● Problem description
Below is a set of records. Repeat them verbatim without the pictures.

[Records from a data collection]
========
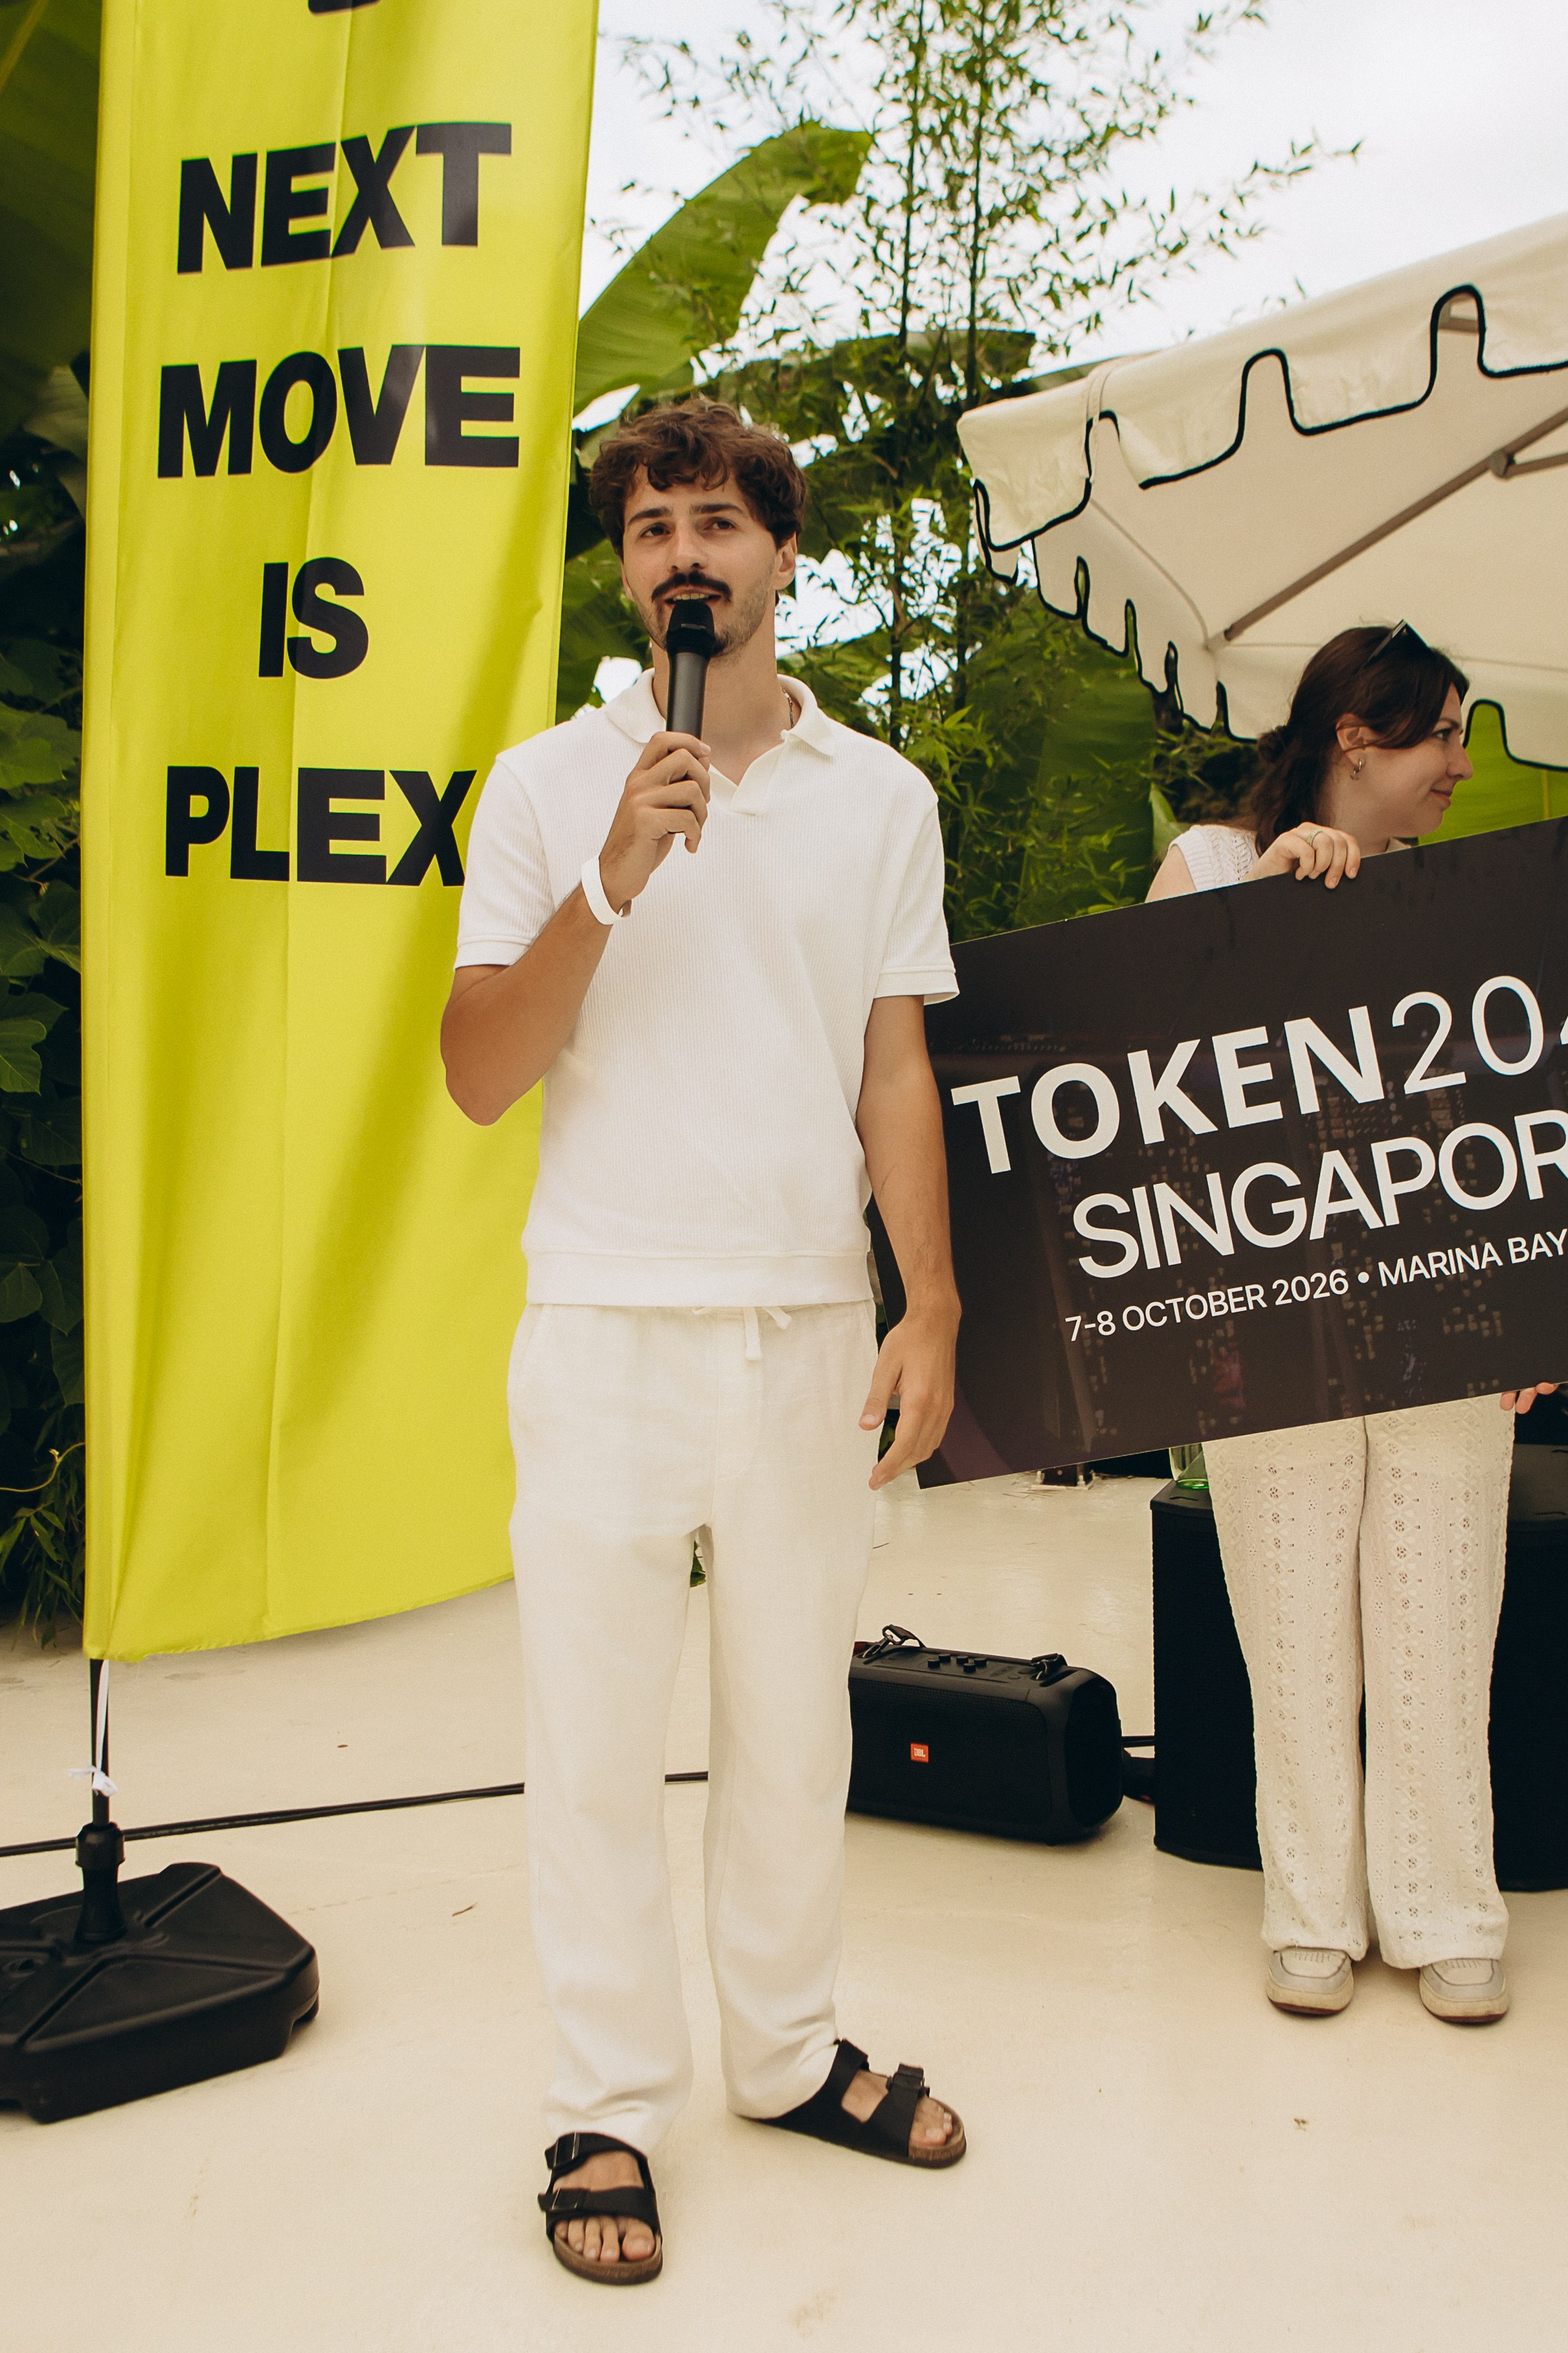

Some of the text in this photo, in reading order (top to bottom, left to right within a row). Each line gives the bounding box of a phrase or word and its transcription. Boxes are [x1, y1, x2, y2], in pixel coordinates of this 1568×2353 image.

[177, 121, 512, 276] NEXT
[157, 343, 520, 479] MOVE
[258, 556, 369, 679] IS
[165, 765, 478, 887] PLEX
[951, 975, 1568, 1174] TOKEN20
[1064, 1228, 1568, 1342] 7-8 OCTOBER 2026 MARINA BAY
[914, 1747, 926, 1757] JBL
========
● Exercise answer
Some of the text in this photo, in reading order (top to bottom, left to right within a row). Each line gives the bounding box of a phrase or word and its transcription. Boxes are [x1, y1, x2, y2], in pixel coordinates of this 1568×2353 image.

[177, 121, 512, 276] NEXT
[157, 343, 520, 479] MOVE
[258, 556, 369, 679] IS
[165, 765, 478, 887] PLEX
[951, 975, 1568, 1174] TOKEN20
[1064, 1228, 1568, 1342] 7-8 OCTOBER 2026 MARINA BAY
[914, 1747, 926, 1757] JBL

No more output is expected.